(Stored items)
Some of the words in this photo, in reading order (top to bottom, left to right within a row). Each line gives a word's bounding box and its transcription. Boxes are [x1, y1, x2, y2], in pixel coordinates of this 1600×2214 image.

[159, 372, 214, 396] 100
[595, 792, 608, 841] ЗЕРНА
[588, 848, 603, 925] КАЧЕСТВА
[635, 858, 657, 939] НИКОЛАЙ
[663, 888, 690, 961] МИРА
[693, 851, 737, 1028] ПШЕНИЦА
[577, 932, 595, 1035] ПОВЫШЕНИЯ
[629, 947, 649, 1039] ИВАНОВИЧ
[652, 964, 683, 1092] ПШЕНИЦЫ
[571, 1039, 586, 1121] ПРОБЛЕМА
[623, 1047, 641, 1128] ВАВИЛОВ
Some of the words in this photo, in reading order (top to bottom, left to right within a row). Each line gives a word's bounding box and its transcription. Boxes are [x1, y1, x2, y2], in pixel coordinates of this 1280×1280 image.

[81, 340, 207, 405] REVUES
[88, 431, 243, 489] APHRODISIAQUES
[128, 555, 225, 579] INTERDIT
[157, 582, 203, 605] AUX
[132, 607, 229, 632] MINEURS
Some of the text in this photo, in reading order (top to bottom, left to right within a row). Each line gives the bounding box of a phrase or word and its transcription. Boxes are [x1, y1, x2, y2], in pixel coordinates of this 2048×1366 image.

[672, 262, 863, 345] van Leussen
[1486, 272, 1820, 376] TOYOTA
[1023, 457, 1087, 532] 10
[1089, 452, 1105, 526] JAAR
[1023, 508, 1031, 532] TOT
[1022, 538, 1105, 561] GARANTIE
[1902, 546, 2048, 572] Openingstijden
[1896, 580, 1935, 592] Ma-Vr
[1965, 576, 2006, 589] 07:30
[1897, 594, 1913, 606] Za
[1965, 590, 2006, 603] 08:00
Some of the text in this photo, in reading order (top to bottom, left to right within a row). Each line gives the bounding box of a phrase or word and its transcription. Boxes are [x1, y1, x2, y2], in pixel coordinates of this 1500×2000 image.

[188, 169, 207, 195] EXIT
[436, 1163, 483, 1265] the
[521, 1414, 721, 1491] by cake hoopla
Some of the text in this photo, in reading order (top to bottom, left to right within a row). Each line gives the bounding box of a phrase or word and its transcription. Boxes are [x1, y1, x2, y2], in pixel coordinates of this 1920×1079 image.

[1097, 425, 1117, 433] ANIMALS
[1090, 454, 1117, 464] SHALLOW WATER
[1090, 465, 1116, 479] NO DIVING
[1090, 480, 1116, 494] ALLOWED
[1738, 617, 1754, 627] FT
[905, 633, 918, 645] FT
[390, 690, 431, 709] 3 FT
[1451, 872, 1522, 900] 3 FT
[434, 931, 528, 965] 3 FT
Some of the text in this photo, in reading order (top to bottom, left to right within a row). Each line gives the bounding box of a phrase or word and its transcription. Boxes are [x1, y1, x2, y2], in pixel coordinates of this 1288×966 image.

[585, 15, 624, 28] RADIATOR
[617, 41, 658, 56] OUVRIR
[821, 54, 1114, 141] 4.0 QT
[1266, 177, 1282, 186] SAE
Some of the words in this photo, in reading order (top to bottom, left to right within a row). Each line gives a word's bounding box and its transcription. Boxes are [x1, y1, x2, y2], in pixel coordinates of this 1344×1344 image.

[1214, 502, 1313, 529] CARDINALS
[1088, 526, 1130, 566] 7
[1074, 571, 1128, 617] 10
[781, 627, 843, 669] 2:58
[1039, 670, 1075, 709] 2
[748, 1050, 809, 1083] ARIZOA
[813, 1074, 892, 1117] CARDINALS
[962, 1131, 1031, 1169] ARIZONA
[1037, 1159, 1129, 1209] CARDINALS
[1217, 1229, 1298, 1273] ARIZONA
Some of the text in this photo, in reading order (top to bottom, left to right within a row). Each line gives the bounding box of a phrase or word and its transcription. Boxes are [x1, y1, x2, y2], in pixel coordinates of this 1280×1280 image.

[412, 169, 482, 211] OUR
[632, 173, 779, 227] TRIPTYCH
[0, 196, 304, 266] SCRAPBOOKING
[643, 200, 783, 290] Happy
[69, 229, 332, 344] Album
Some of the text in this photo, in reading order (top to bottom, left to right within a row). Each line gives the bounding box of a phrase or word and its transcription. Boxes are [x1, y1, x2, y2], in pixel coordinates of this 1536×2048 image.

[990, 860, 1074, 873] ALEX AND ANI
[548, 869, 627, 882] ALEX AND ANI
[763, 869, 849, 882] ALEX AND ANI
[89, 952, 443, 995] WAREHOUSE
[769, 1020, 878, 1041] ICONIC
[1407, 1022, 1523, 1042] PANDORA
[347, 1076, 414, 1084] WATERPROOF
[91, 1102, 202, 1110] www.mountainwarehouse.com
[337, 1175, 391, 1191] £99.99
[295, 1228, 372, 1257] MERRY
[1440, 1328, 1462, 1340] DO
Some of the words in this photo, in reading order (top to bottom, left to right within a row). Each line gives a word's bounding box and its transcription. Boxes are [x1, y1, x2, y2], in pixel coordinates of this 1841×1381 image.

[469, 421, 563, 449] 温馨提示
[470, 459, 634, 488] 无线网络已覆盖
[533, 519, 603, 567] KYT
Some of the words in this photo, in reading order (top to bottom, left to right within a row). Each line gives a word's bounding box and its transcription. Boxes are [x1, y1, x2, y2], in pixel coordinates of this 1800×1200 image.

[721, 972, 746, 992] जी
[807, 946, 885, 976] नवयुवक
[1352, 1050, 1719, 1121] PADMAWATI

EXERCISE GOAL.
Print all entries again, exactly.

EXERCISE OUTPUT.
Some of the words in this photo, in reading order (top to bottom, left to right within a row). Each line gives a word's bounding box and its transcription. Boxes are [x1, y1, x2, y2], in pixel coordinates of this 1600×2214 image.

[159, 372, 214, 396] 100
[595, 792, 608, 841] ЗЕРНА
[588, 848, 603, 925] КАЧЕСТВА
[635, 858, 657, 939] НИКОЛАЙ
[663, 888, 690, 961] МИРА
[693, 851, 737, 1028] ПШЕНИЦА
[577, 932, 595, 1035] ПОВЫШЕНИЯ
[629, 947, 649, 1039] ИВАНОВИЧ
[652, 964, 683, 1092] ПШЕНИЦЫ
[571, 1039, 586, 1121] ПРОБЛЕМА
[623, 1047, 641, 1128] ВАВИЛОВ
Some of the words in this photo, in reading order (top to bottom, left to right within a row). Each line gives a word's bounding box and its transcription. Boxes are [x1, y1, x2, y2], in pixel coordinates of this 1280×1280 image.

[81, 340, 207, 405] REVUES
[88, 431, 243, 489] APHRODISIAQUES
[128, 555, 225, 579] INTERDIT
[157, 582, 203, 605] AUX
[132, 607, 229, 632] MINEURS
Some of the text in this photo, in reading order (top to bottom, left to right within a row). Each line gives the bounding box of a phrase or word and its transcription. Boxes are [x1, y1, x2, y2], in pixel coordinates of this 2048×1366 image.

[672, 262, 863, 345] van Leussen
[1486, 272, 1820, 376] TOYOTA
[1023, 457, 1087, 532] 10
[1089, 452, 1105, 526] JAAR
[1023, 508, 1031, 532] TOT
[1022, 538, 1105, 561] GARANTIE
[1902, 546, 2048, 572] Openingstijden
[1896, 580, 1935, 592] Ma-Vr
[1965, 576, 2006, 589] 07:30
[1897, 594, 1913, 606] Za
[1965, 590, 2006, 603] 08:00
Some of the text in this photo, in reading order (top to bottom, left to right within a row). Each line gives the bounding box of a phrase or word and its transcription. Boxes are [x1, y1, x2, y2], in pixel coordinates of this 1500×2000 image.

[188, 169, 207, 195] EXIT
[436, 1163, 483, 1265] the
[521, 1414, 721, 1491] by cake hoopla
Some of the text in this photo, in reading order (top to bottom, left to right within a row). Each line gives the bounding box of a phrase or word and its transcription. Boxes are [x1, y1, x2, y2], in pixel coordinates of this 1920×1079 image.

[1097, 425, 1117, 433] ANIMALS
[1090, 454, 1117, 464] SHALLOW WATER
[1090, 465, 1116, 479] NO DIVING
[1090, 480, 1116, 494] ALLOWED
[1738, 617, 1754, 627] FT
[905, 633, 918, 645] FT
[390, 690, 431, 709] 3 FT
[1451, 872, 1522, 900] 3 FT
[434, 931, 528, 965] 3 FT
Some of the text in this photo, in reading order (top to bottom, left to right within a row). Each line gives the bounding box of a phrase or word and its transcription. Boxes are [x1, y1, x2, y2], in pixel coordinates of this 1288×966 image.

[585, 15, 624, 28] RADIATOR
[617, 41, 658, 56] OUVRIR
[821, 54, 1114, 141] 4.0 QT
[1266, 177, 1282, 186] SAE
Some of the words in this photo, in reading order (top to bottom, left to right within a row). Each line gives a word's bounding box and its transcription. Boxes are [x1, y1, x2, y2], in pixel coordinates of this 1344×1344 image.

[1214, 502, 1313, 529] CARDINALS
[1088, 526, 1130, 566] 7
[1074, 571, 1128, 617] 10
[781, 627, 843, 669] 2:58
[1039, 670, 1075, 709] 2
[748, 1050, 809, 1083] ARIZOA
[813, 1074, 892, 1117] CARDINALS
[962, 1131, 1031, 1169] ARIZONA
[1037, 1159, 1129, 1209] CARDINALS
[1217, 1229, 1298, 1273] ARIZONA
Some of the text in this photo, in reading order (top to bottom, left to right within a row). Each line gives the bounding box of a phrase or word and its transcription. Boxes are [x1, y1, x2, y2], in pixel coordinates of this 1280×1280 image.

[412, 169, 482, 211] OUR
[632, 173, 779, 227] TRIPTYCH
[0, 196, 304, 266] SCRAPBOOKING
[643, 200, 783, 290] Happy
[69, 229, 332, 344] Album
Some of the text in this photo, in reading order (top to bottom, left to right within a row). Each line gives the bounding box of a phrase or word and its transcription. Boxes are [x1, y1, x2, y2], in pixel coordinates of this 1536×2048 image.

[990, 860, 1074, 873] ALEX AND ANI
[548, 869, 627, 882] ALEX AND ANI
[763, 869, 849, 882] ALEX AND ANI
[89, 952, 443, 995] WAREHOUSE
[769, 1020, 878, 1041] ICONIC
[1407, 1022, 1523, 1042] PANDORA
[347, 1076, 414, 1084] WATERPROOF
[91, 1102, 202, 1110] www.mountainwarehouse.com
[337, 1175, 391, 1191] £99.99
[295, 1228, 372, 1257] MERRY
[1440, 1328, 1462, 1340] DO
Some of the words in this photo, in reading order (top to bottom, left to right within a row). Each line gives a word's bounding box and its transcription. Boxes are [x1, y1, x2, y2], in pixel coordinates of this 1841×1381 image.

[469, 421, 563, 449] 温馨提示
[470, 459, 634, 488] 无线网络已覆盖
[533, 519, 603, 567] KYT
Some of the words in this photo, in reading order (top to bottom, left to right within a row). Each line gives a word's bounding box and its transcription. Boxes are [x1, y1, x2, y2], in pixel coordinates of this 1800×1200 image.

[721, 972, 746, 992] जी
[807, 946, 885, 976] नवयुवक
[1352, 1050, 1719, 1121] PADMAWATI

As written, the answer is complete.